We customize bond strategies for client portfolios based on our own research and insights from the people we feel are the best and brightest in the investment world.
Here’s what we think is worth paying attention to over the coming months:
Waiting to see higher rates? Don’t hold your breath. While higher interest rates are certainly coming somewhere down the road, we believe the Fed is in no rush to raise rates. The economic recovery is intact but the pace is modest, inflation is firmly under control, and labor markets still display slack. We think, therefore, that rate hikes will be gradual and less damaging than many expect.
A plain vanilla bond approach won’t cut it. To generate the bond returns most clients want, we need to venture beyond the traditional bond indexes and seek more diversified solutions. In short, we need to turn over a lot more rocks. To paraphrase BlackRock Chief Investment strategist Russ Koesterich (BlackRock is the world’s largest asset manager, with over $4 trillion in assets), investors looking for yield need to cast a wider net than they have in the past.

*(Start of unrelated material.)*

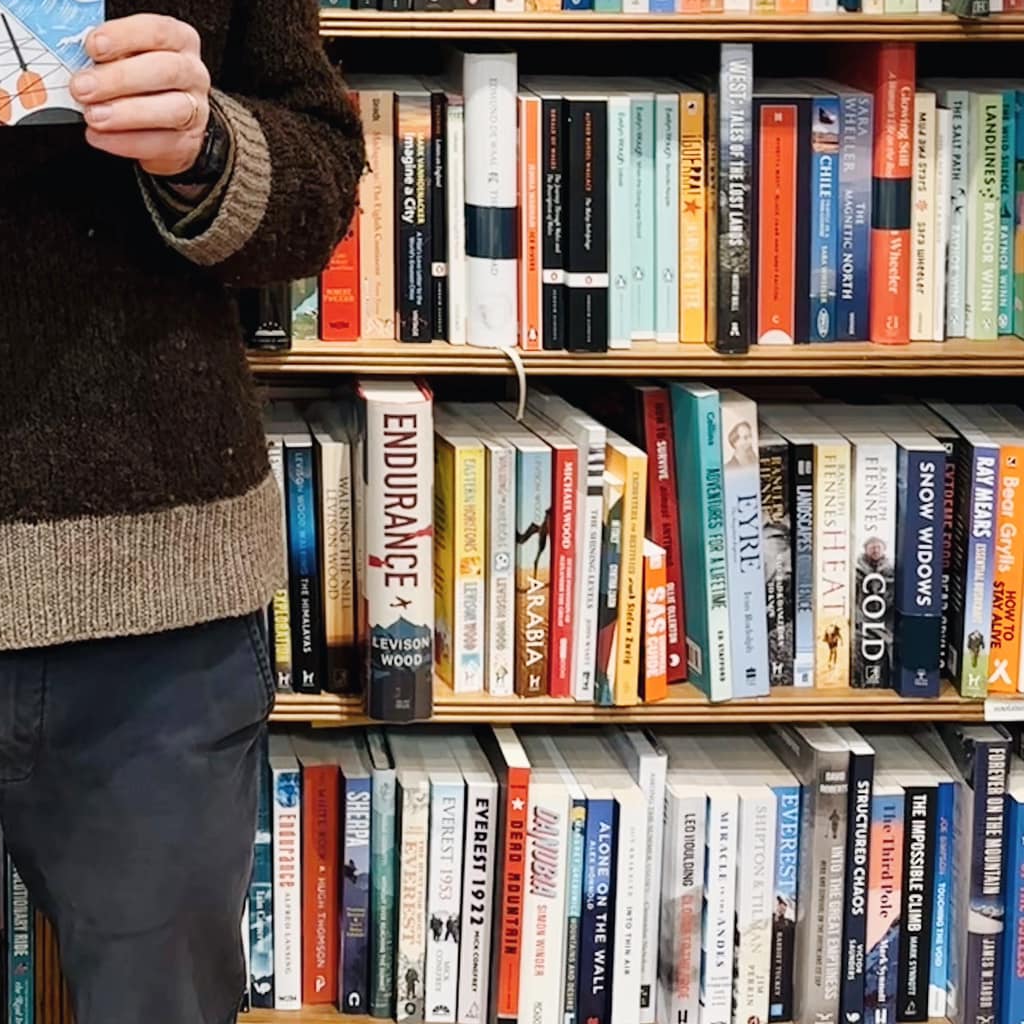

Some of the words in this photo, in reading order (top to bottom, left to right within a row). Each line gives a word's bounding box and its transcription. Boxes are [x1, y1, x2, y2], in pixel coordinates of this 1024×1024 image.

Look off the beaten path. There’s just no way to generate the 4-5% yields of the past without taking some investment risks. Investors might want to consider sectors like preferreds, high yield, municipals, emerging market bonds, and even higher dividend equity strategies to capture the yield they want. In fact, veteran bond manager Kathleen Gaffney of Eaton Vance suggests considering dividend stocks for a place in today’s non-traditional bond portfolio, since stocks may now have “less risk” than bonds.
Short-term bonds may not be the refuge you think. Many investors have fled to short maturity bonds with the hope they’ll provide shelter from higher rates. That strategy could seriously misfire, since the shorter end of the yield curve (2 to 5 years maturity) could be the area most vulnerable to rate changes as the yield curve flattens out. It’s a good idea to hold some shorter-term bonds as part of a diversified bond portfolio, but don’t fall for overly simplistic views of how the broader bond market will play out over the next few years.